▶ **Activity**
Below is a set of records. Repeat all of them exactly.

Collected data:
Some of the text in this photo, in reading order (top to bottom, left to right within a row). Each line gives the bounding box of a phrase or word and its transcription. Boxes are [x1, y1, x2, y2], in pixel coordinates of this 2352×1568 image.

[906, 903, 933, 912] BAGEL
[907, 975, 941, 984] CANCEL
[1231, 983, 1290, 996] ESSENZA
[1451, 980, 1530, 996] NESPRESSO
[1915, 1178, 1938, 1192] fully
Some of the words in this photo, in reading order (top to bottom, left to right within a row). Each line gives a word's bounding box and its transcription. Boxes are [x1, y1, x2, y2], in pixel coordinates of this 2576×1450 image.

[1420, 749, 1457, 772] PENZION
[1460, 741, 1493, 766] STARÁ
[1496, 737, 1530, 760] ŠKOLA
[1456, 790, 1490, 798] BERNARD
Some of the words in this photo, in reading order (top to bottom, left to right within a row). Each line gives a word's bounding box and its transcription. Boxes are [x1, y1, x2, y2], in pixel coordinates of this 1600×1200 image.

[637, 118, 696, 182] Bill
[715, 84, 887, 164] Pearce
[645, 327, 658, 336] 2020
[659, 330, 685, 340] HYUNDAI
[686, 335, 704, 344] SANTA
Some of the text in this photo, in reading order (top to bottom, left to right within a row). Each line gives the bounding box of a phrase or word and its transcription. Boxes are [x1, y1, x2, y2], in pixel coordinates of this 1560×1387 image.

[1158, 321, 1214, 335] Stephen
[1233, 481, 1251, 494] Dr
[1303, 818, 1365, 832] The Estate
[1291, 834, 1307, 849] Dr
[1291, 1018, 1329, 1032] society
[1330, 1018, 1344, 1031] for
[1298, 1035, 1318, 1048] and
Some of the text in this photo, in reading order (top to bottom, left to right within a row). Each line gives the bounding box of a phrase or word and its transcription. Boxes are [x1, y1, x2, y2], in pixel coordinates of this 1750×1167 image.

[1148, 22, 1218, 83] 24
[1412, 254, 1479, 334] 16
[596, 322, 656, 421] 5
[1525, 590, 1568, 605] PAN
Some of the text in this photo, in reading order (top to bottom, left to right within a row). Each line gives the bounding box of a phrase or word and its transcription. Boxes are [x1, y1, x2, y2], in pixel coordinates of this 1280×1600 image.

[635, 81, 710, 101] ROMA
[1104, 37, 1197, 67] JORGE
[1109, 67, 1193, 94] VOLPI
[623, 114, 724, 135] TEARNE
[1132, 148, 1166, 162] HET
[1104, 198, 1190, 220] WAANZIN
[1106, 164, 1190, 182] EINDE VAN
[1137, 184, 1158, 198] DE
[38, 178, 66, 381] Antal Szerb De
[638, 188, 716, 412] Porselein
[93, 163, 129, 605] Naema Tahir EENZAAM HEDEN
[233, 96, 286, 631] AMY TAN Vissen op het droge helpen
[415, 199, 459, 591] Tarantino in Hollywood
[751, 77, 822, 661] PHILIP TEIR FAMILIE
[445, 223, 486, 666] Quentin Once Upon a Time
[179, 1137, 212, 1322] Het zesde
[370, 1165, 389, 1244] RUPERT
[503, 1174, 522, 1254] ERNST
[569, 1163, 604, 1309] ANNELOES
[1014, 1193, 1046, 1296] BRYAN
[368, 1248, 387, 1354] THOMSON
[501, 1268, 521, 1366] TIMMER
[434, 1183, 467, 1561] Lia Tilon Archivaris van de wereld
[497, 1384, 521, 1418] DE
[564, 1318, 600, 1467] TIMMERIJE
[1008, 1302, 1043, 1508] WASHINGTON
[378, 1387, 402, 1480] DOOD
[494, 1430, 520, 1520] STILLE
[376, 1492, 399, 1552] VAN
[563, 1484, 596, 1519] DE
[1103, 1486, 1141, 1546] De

▶ **Answer to this exercise**
Some of the text in this photo, in reading order (top to bottom, left to right within a row). Each line gives the bounding box of a phrase or word and its transcription. Boxes are [x1, y1, x2, y2], in pixel coordinates of this 2352×1568 image.

[906, 903, 933, 912] BAGEL
[907, 975, 941, 984] CANCEL
[1231, 983, 1290, 996] ESSENZA
[1451, 980, 1530, 996] NESPRESSO
[1915, 1178, 1938, 1192] fully
Some of the words in this photo, in reading order (top to bottom, left to right within a row). Each line gives a word's bounding box and its transcription. Boxes are [x1, y1, x2, y2], in pixel coordinates of this 2576×1450 image.

[1420, 749, 1457, 772] PENZION
[1460, 741, 1493, 766] STARÁ
[1496, 737, 1530, 760] ŠKOLA
[1456, 790, 1490, 798] BERNARD
Some of the words in this photo, in reading order (top to bottom, left to right within a row). Each line gives a word's bounding box and its transcription. Boxes are [x1, y1, x2, y2], in pixel coordinates of this 1600×1200 image.

[637, 118, 696, 182] Bill
[715, 84, 887, 164] Pearce
[645, 327, 658, 336] 2020
[659, 330, 685, 340] HYUNDAI
[686, 335, 704, 344] SANTA
Some of the text in this photo, in reading order (top to bottom, left to right within a row). Each line gives the bounding box of a phrase or word and its transcription. Boxes are [x1, y1, x2, y2], in pixel coordinates of this 1560×1387 image.

[1158, 321, 1214, 335] Stephen
[1233, 481, 1251, 494] Dr
[1303, 818, 1365, 832] The Estate
[1291, 834, 1307, 849] Dr
[1291, 1018, 1329, 1032] society
[1330, 1018, 1344, 1031] for
[1298, 1035, 1318, 1048] and
Some of the text in this photo, in reading order (top to bottom, left to right within a row). Each line gives the bounding box of a phrase or word and its transcription. Boxes are [x1, y1, x2, y2], in pixel coordinates of this 1750×1167 image.

[1148, 22, 1218, 83] 24
[1412, 254, 1479, 334] 16
[596, 322, 656, 421] 5
[1525, 590, 1568, 605] PAN
Some of the text in this photo, in reading order (top to bottom, left to right within a row). Each line gives the bounding box of a phrase or word and its transcription. Boxes are [x1, y1, x2, y2], in pixel coordinates of this 1280×1600 image.

[635, 81, 710, 101] ROMA
[1104, 37, 1197, 67] JORGE
[1109, 67, 1193, 94] VOLPI
[623, 114, 724, 135] TEARNE
[1132, 148, 1166, 162] HET
[1104, 198, 1190, 220] WAANZIN
[1106, 164, 1190, 182] EINDE VAN
[1137, 184, 1158, 198] DE
[38, 178, 66, 381] Antal Szerb De
[638, 188, 716, 412] Porselein
[93, 163, 129, 605] Naema Tahir EENZAAM HEDEN
[233, 96, 286, 631] AMY TAN Vissen op het droge helpen
[415, 199, 459, 591] Tarantino in Hollywood
[751, 77, 822, 661] PHILIP TEIR FAMILIE
[445, 223, 486, 666] Quentin Once Upon a Time
[179, 1137, 212, 1322] Het zesde
[370, 1165, 389, 1244] RUPERT
[503, 1174, 522, 1254] ERNST
[569, 1163, 604, 1309] ANNELOES
[1014, 1193, 1046, 1296] BRYAN
[368, 1248, 387, 1354] THOMSON
[501, 1268, 521, 1366] TIMMER
[434, 1183, 467, 1561] Lia Tilon Archivaris van de wereld
[497, 1384, 521, 1418] DE
[564, 1318, 600, 1467] TIMMERIJE
[1008, 1302, 1043, 1508] WASHINGTON
[378, 1387, 402, 1480] DOOD
[494, 1430, 520, 1520] STILLE
[376, 1492, 399, 1552] VAN
[563, 1484, 596, 1519] DE
[1103, 1486, 1141, 1546] De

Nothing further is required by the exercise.